Pelot Sanctuary is located in the Red Bridges area of the Choptank River, an area that local birders have enjoyed for years. This sanctuary is an oasis for native plants in the midst of a predominantly agricultural area. It also is a good place to search for dragonflies and damselflies.
The sanctuary is named for Myrtle Simons Pelot, an active member of the Caroline Bird Club. When Mrs. Pelot passed away at the age of 91 in 1971, she left her house in the town of Ridgely to the Caroline County chapter of the Maryland Ornithological Society. As there were no restrictions on the gift, MOS and the Caroline County Bird Club decided to sell the house and use the proceeds to purchase land suitable for use as a wildlife sanctuary. The land for Pelot Sanctuary was purchased in 1973 and has been maintained by members of the Caroline County Bird Club.
At one time, the sanctuary land was the site of a mill property. A mill pond was formed by damming Gravelly Branch, with the pond located immediately to the east of Drapers Mill Road, which ran over the dam. The area of the pond can still be seen as a slight depression in the landscape. The dam washed out in 1937, and the rich pond sediments now support a thriving wetland.
The part of the sanctuary that lies north of Gravelly Branch used to have a foot-trail that ran along the boundary line, but this area is now quite grown over and it is difficult to find traces of the old trail. The north side of the sanctuary consists predominantly of floodplain deciduous forest with a rich understory of shrubs and groundcover.
On the south side of Gravelly Branch, apart from the aforementioned wetland at the mill pond site, the sanctuary is covered with an open deciduous forest that is more upland in nature. Here, the woodland is dominated by beech and oak with a few scattered conifers. Near the southwest corner of the sanctuary, a sign marks the entrance to a trail that heads east, roughly paralleling Gravelly Branch (see trail map at link at left). Along the trail, there are some low spots that remain wet much of the year, supporting populations of frogs and other amphibia. There is a small open area with a circle of white concrete benches approximately 200 yards in on the left side of the trail. Near the benches are a couple of large stones placed by the Caroline Bird Club in memory of Jerry and Roberta Fletcher and Marvin Hewitt, who were instrumental in the MOS acquisition of the property.

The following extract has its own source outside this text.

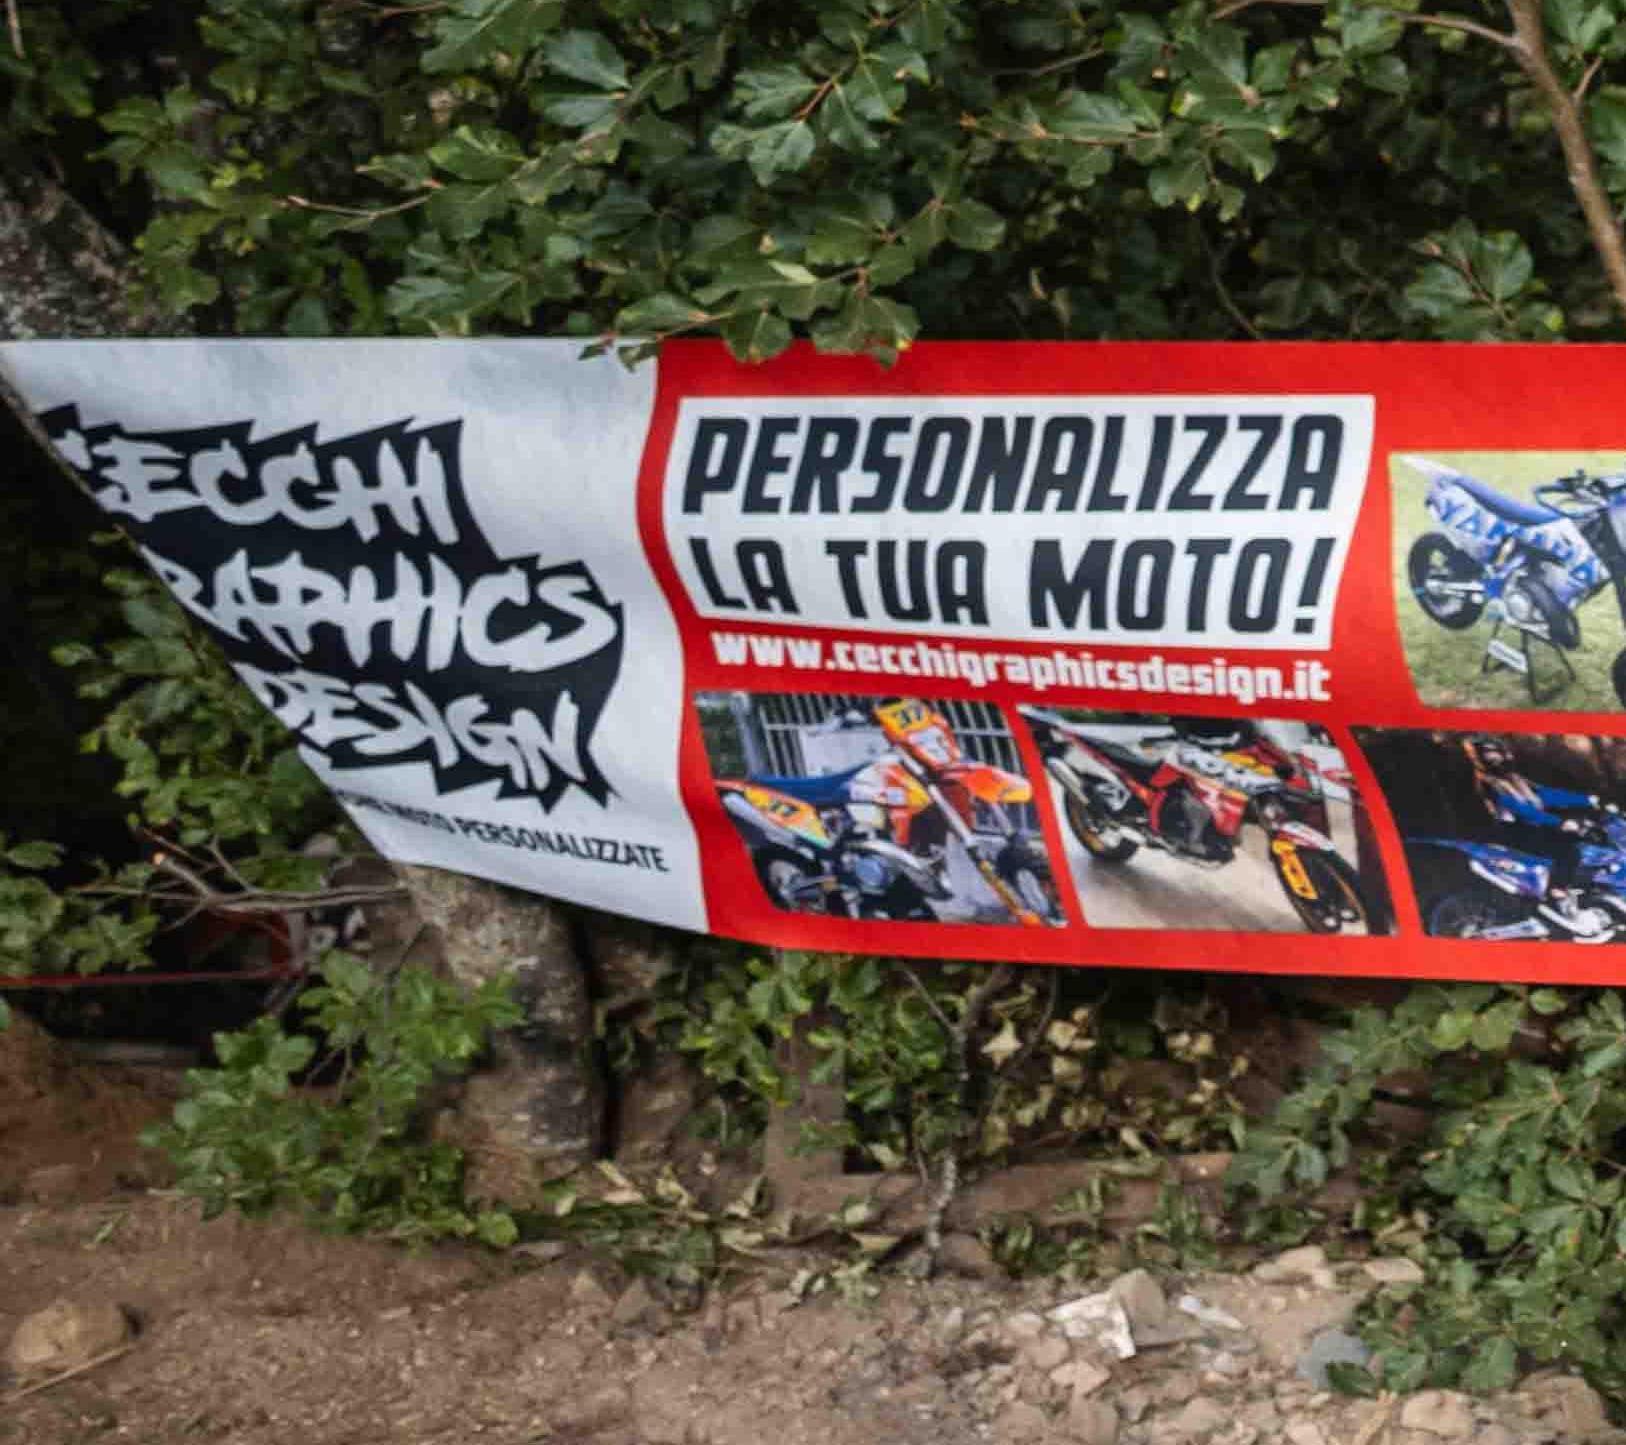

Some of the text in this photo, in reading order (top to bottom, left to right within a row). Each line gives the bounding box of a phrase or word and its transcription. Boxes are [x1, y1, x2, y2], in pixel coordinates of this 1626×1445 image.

[682, 414, 1345, 514] PERSONALIZZA
[689, 536, 1336, 633] LA TUA MOTO!
[709, 630, 1331, 703] www.cecchigraphicsdesign.it
[453, 816, 670, 871] PERSONALIZZATE

The trail on the south side is an out-and-back trail: the trail peters out after about a half-mile, where you should turn around to return to Draper’s Mill Road. Or feel free to bushwhack as far as you like to explore more of the sanctuary. The forest on the south side of Gravelly Branch is mostly open and it is easy to walk through, even past the end of the trail.
On the opposite side of the Choptank River, two local parks, Greensboro Christian Park and North County Regional Park, provide additional birding opportunities, but although these parks are a mere half-mile from the sanctuary as the crow flies, there is a longish detour to get there, as the Choptank River bridge on nearby Red Bridges Road has been removed. To reach these parks, drive north on Drapers Mill Road; then north on Jarrell Road; west on MD Route 287/Sandtown Road; then in the town of Goldsboro, go south on MD Route 313/Greensboro Road. Turn east on Red Bridges Road to access the Greensboro Christian Park. North County Regional Park is immediately south of Red Bridges Road on the east side of Route 313. (Side note: Greensboro Christian Park is named after a local family who donated the land. This park is also called “Red Bridges Park” by locals.)

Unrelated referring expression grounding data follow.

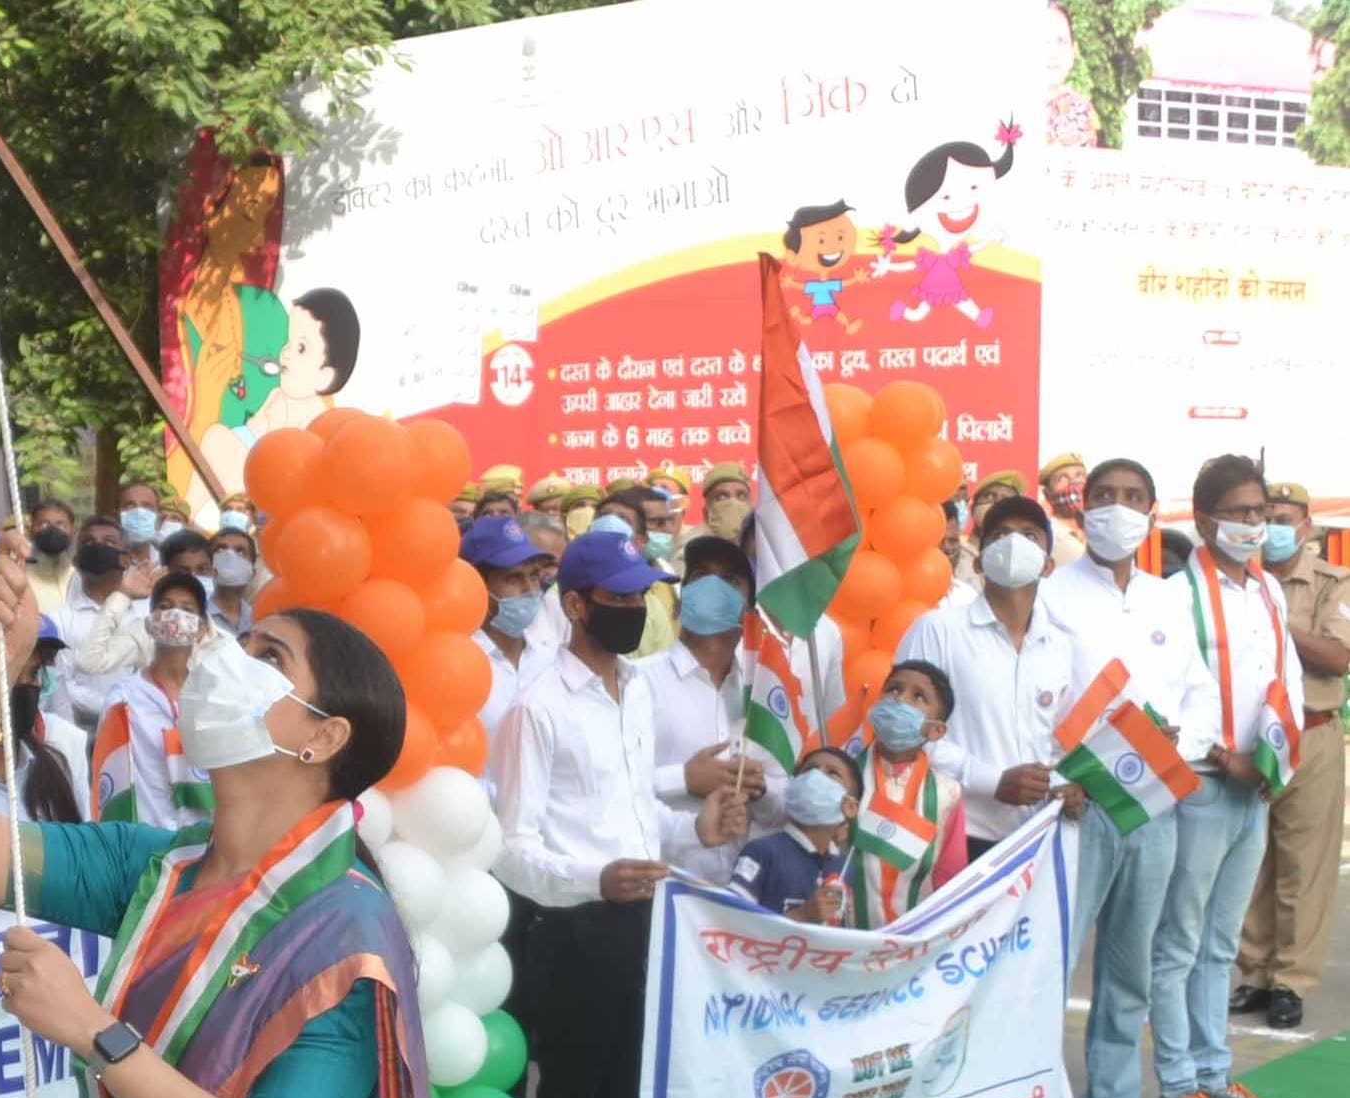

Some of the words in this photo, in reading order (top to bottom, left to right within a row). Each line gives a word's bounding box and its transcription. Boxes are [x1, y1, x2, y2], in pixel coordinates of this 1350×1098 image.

[500, 363, 522, 389] 14
[559, 362, 590, 383] दस्त
[595, 356, 611, 381] के
[690, 355, 723, 377] दस्त
[728, 349, 746, 374] के
[602, 423, 619, 449] के
[625, 425, 639, 449] 6
[681, 425, 710, 446] तक

The eBird hotspot for Pelot MOS Sanctuary lists 95 species of birds as of February 2022, but only 40 eBird checklists have been submitted. With more visitation and submission of additional checklists, we will gain a more complete picture of the birds using the sanctuary, and we encourage you to visit and submit your checklist to eBird at https://ebird.org/hotspot/L1111044.
Canada Geese, Snow Geese, and Tundra Swans may occur as flyovers during the winter. Mallards may also be seen flying over or dabbling in Gravelly Branch near the bridge. Wild Turkeys are in the woods and probably breed here or nearby. Mourning Doves are abundant at the sanctuary and the nearby farm fields, as are Killdeer. Yellow-billed Cuckoos breed locally. Ruby-throated Hummingbirds are easy to find in late spring and summer.

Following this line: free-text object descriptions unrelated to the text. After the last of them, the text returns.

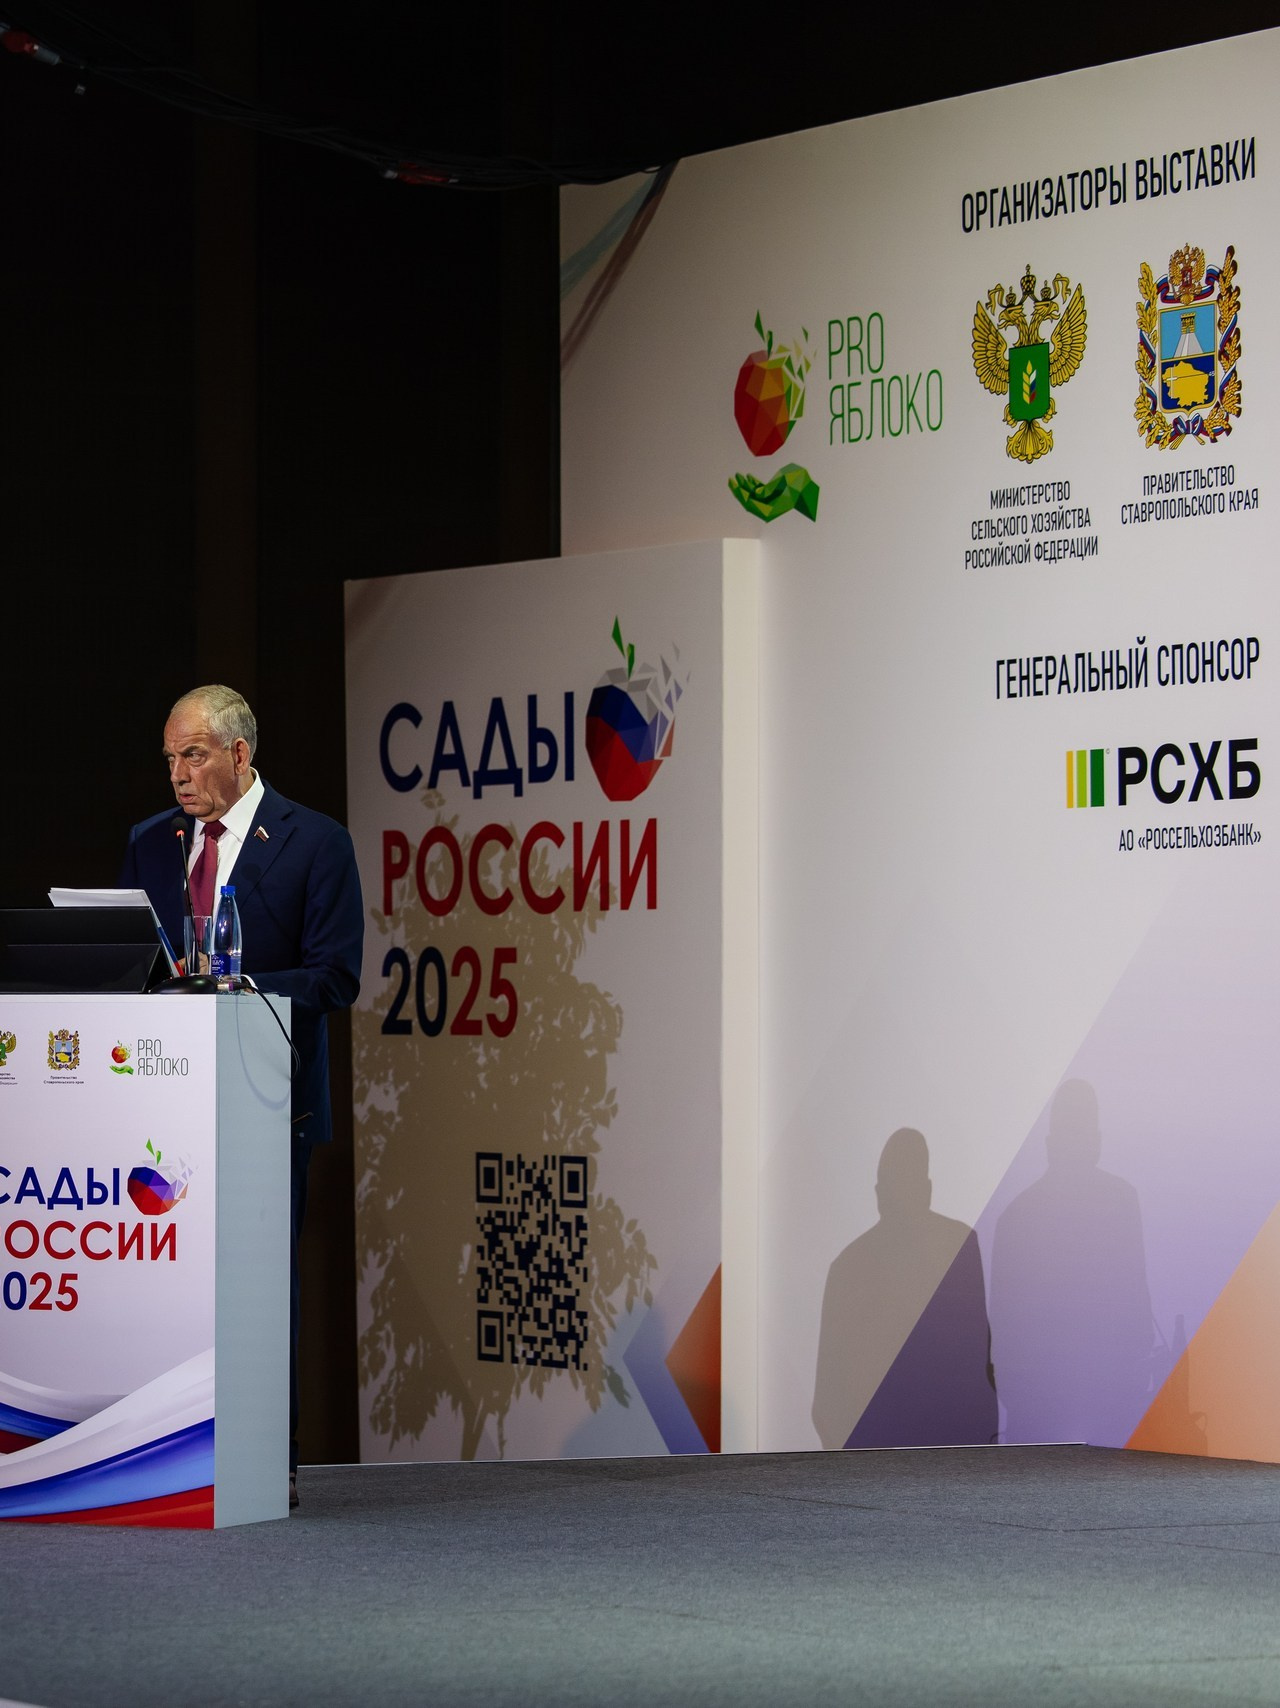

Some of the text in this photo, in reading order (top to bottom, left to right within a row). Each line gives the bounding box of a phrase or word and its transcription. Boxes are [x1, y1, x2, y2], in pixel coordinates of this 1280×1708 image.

[961, 136, 1256, 234] ОРГАНИЗАТОРЫ ВЫСТАВКИ
[827, 311, 885, 381] PRO
[828, 368, 944, 446] ЯБЛОКО
[989, 480, 1071, 510] МИНИСТЕРСТВО
[1142, 464, 1235, 496] ПРАВИТЕЛЬСТВО
[971, 504, 1092, 541] СЕЛЬСКОГО ХОЗЯЙСТВА
[1121, 487, 1259, 525] СТАВРОПОЛЬСКОГО КРАЯ
[964, 535, 1099, 570] РОССИЙСКОЙ ФЕДЕРАЦИИ
[996, 636, 1261, 700] ГЕНЕРАЛЬНЫЙ СПОНСОР
[378, 691, 575, 800] САДЫ
[1117, 737, 1261, 807] РСХБ
[1118, 822, 1262, 852] АО «РОССЕЛЬХОЗБАНК»
[382, 818, 658, 917] РОССИИ
[381, 946, 519, 1038] 2025
[136, 1038, 162, 1058] PRO
[136, 1057, 189, 1077] ЯБЛОКО

Given the proximity of the Choptank River, it’s not unusual to see flyover gulls: Herring and Ring-billed in winter and Laughing in summer. Great Blue Herons are often found in Gravelly Branch or commuting overhead. Although Green Herons are not on the eBird list for the sanctuary, keep an eye open for them, because they were found as possible breeders in this atlas block during the Second Breeding Bird Atlas project.
Black and Turkey Vultures are often overhead. Ospreys are commonly seen during the summer, and Bald Eagles are around for most of the year; the eagles may breed in the area. Red-shouldered Hawks are easy to find, and although Red-tailed Hawks are not the sanctuary’s eBird list, they are known to nest in the area. You may be lucky enough to turn up an Eastern Screech-Owl or a Barred Owl. Watch for American Kestrels on wires along the road or on the edges of adjacent farm fields.
Belted Kingfishers fly up and down Gravelly Branch. The woods harbor Northern Flickers and Red-bellied, Downy, Hairy, and Pileated Woodpeckers, as well as overwintering Yellow-bellied Sapsuckers.
In the summer, the woods are full of the songs of Acadian and Great Crested Flycatchers, Eastern Phoebes and Eastern Wood-Pewees. Also keep an eye out for Eastern Kingbird, more likely on the edges or in the dense vegetation north of Gravelly Branch. White-eyed, Red-eyed, and Yellow-throated Vireos are easy to find. Swallows are represented by Purple Martins, Tree, and Barn; listen for their distinctive calls and then look up or over the water if you’re near the stream.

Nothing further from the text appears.